Solar energy is foreseen as a promising solution to the climate crisis. A renewable resource, many technologies harvest solar energy directly for use in homes, businesses, schools and hospitals, due to its highly abundant energy content. Capturing only 0.04 % of the 36,000 terawatt (TW) irradiation that arrives to the Earth’ surface would be enough to supply the world’s energy demand until 2050.
Amongst the solar fuels, H2 is one of the most attractive due to its high mass-energy content which is up to three times higher than conventional fossil fuels, when used in direct combustion. H2 is mainly produced by steam-methane reforming. By using the trifecta of light, water, and a catalyst (TiO2), Honda & Fujishima photoproduced H2 via water splitting in 1972. Water splitting (WS), often referred as “artificial photosynthesis”, corresponds to the dissociation of water into H2 and oxygen. Inspired by natural photosynthesis, the great advantage of lies in is its low cost H2 generation (energy carrier) while CO2-free emissions. Five decades of active research has followed since Honda and Fujishima’s ground-breaking findings, often referred by experts as one of the holy grails in physical chemistry.
Unfortunately, researchers have not yet developed photo catalytically active materials from cheap, abundant sources with the required solar-to-hydrogen energy conversion capacity nor have they constructed a standard photochemical reactor of efficient photonic/heat/mass transfers with low losses. Therefore, the rational design of advanced photocatalytic systems has been the centre of attention for several decades.

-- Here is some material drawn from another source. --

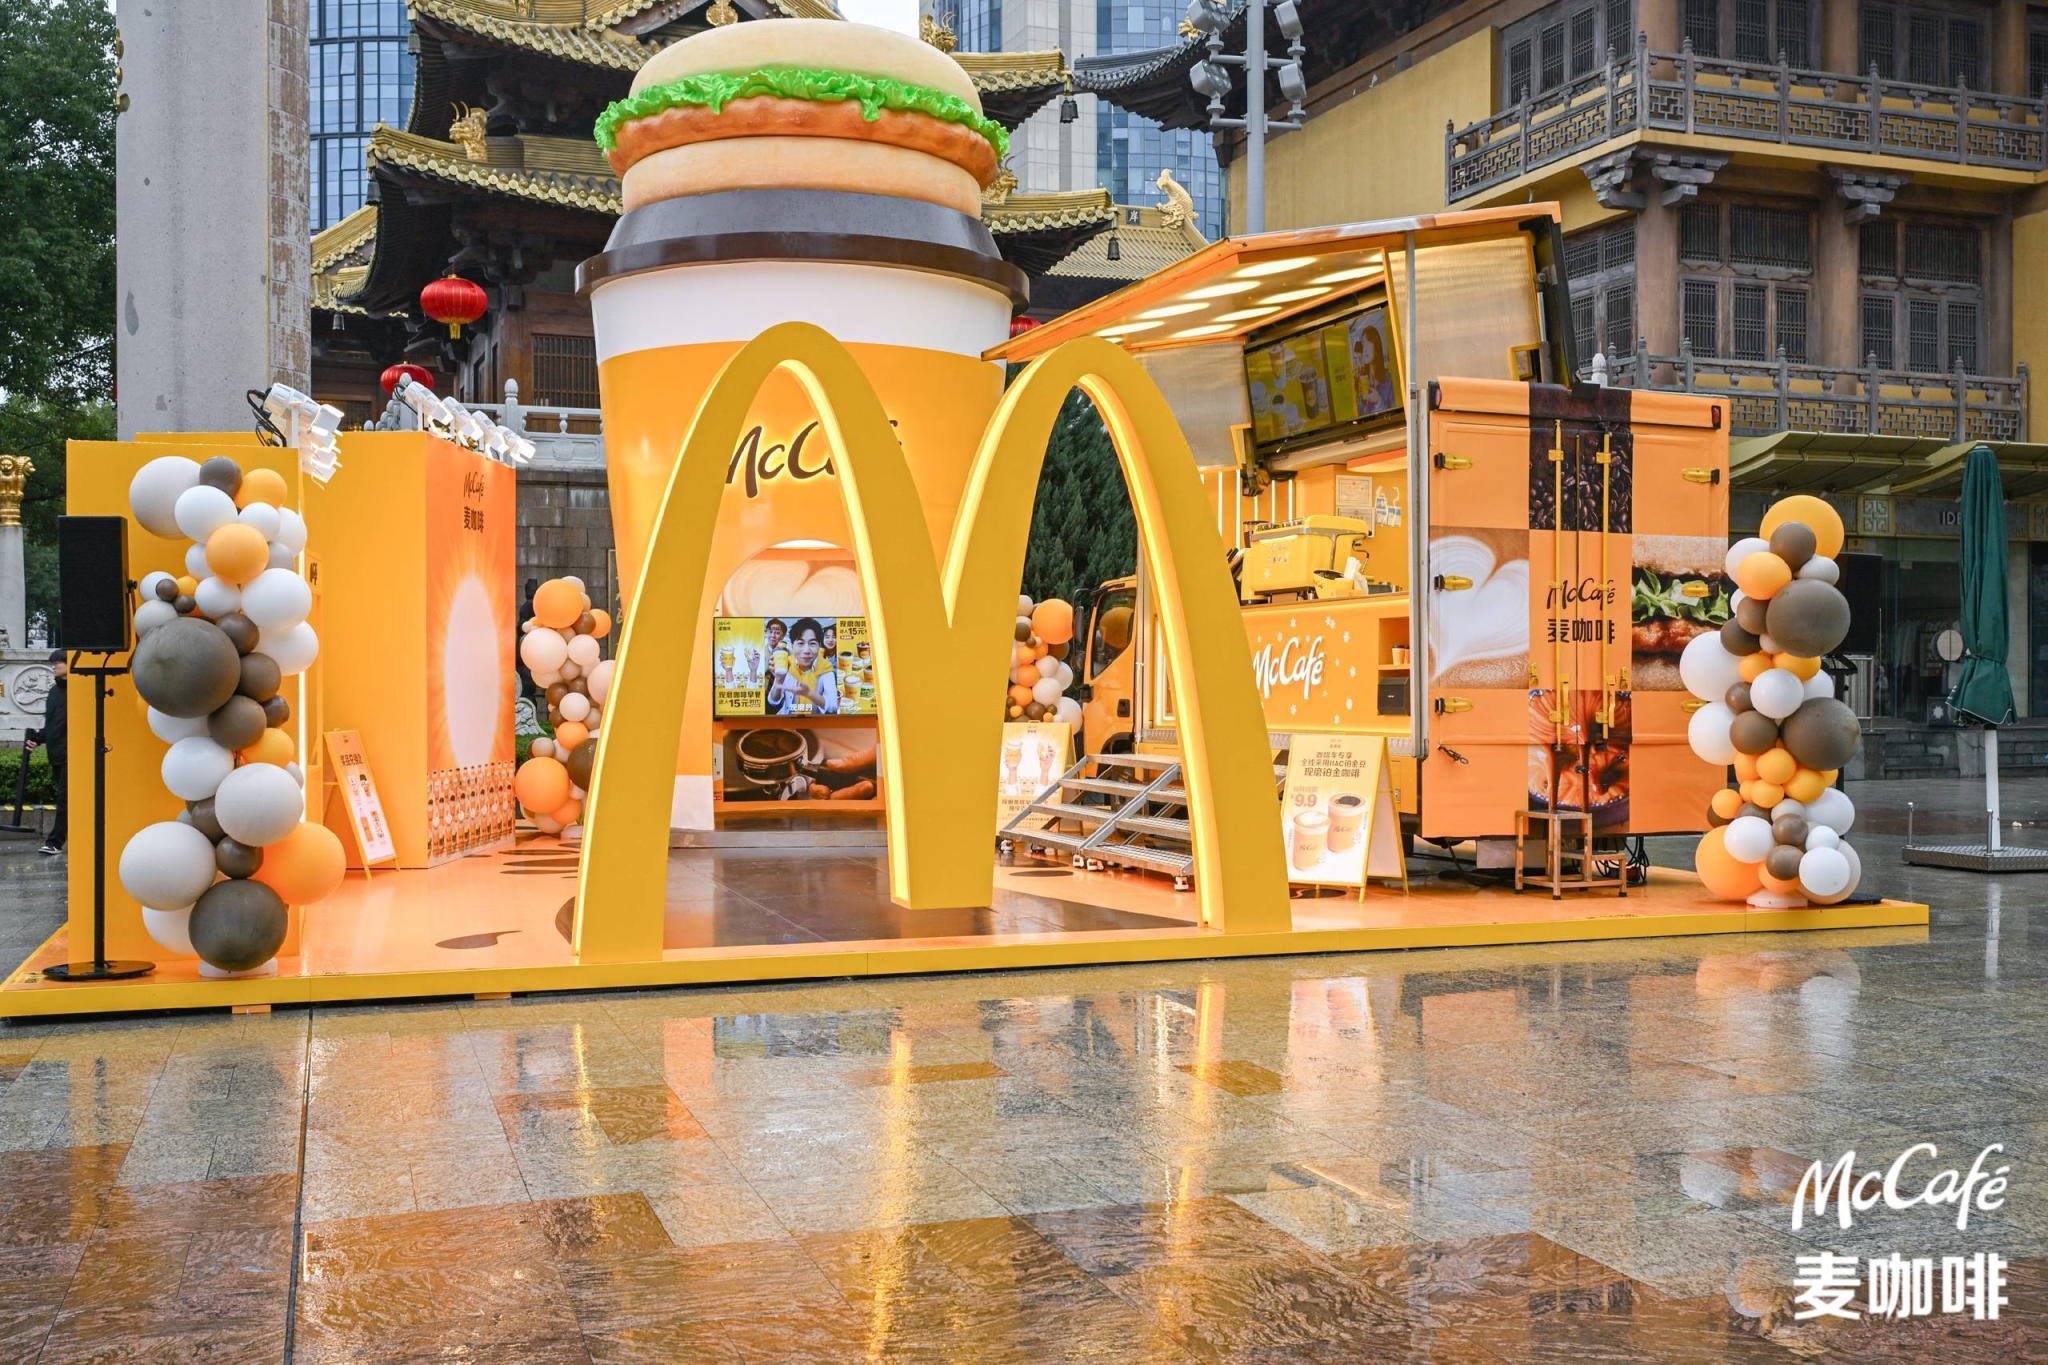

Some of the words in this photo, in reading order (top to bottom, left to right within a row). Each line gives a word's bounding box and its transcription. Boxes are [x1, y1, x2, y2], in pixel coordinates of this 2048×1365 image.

A combined effort led by the University of Paris Saclay, together with researchers from HarwellXPS, based at Research Complex at Harwell, Universities of Granada, Camerino, Strasbourg and Southampton, UCL and STFC have designed a compact photoreactor for automated H2 evolution reaction in the presence of a sacrificial agent with frontal irradiation (engineering of chemical processes) and synthesis, characterization, and performance of TiO2 Schottky junctions, using Pd, Pt, or Au nanoparticles to validate the operation of the reactor. This exciting new development in materials science is hoped to further stimulate the design of novel compact reactors and accelerate the technological readiness level (TRL) development for photo(electro)catalysis. HarwellXPS provided key insight into the electronic, chemical and material properties of the titania-based photocatalysts, enabling correlation between material character and hydrogen production efficacy. This research effort has since resulted in a number of long running partnerships between HarwellXPS and the external team members, particularly the Universities of Paris Saclay and Strasbourg – due to the world leading capabilities and knowledge of surface science within HarwellXPS.
The H2 production capabilities in this work are significantly higher than currently established systems, putting into evidence that the geometry and reactor configuration brings the system one step closer to the ideal heat/mass/photonic profiles required for commercial viability, with low losses. The Schottky composites allow building novel structure–activity correlations in combination with the reactor. The research highlights the need for further development of compact and portable reactors to allow in-situ testing and coupling with key techniques such as XPS and XAS (both in development at HarwellXPS), TEM, XRD and others, along with the reporting of homogeneous criteria (IUPAC) for the accurate comparison of efficiencies across different studies, setups, and groups. This new photoreactor could potentially be the benchmark to foster further progress in process and chemical engineering, accelerate the TRL, and as a strategy to overcome current limitations in scaling up photocatalysis – bringing the potential for widespread hydrogen fuels closer to the global market.
A compact photoreactor for automated H2 photoproduction: Revisiting the (Pd, Pt, Au)/TiO2 (P25) Schottky junctions, P. Jimenéz-Calvo, M. Muñoz-Batista, M. Issacs, V. Ramnnarain, M. A. Muñoz-Marquez, X. Li, D. Ihiawakrim, G. Teobaldi, M. Kociak and E. Paineau, Chemical Engineering Journal, 459, 141594 (2023).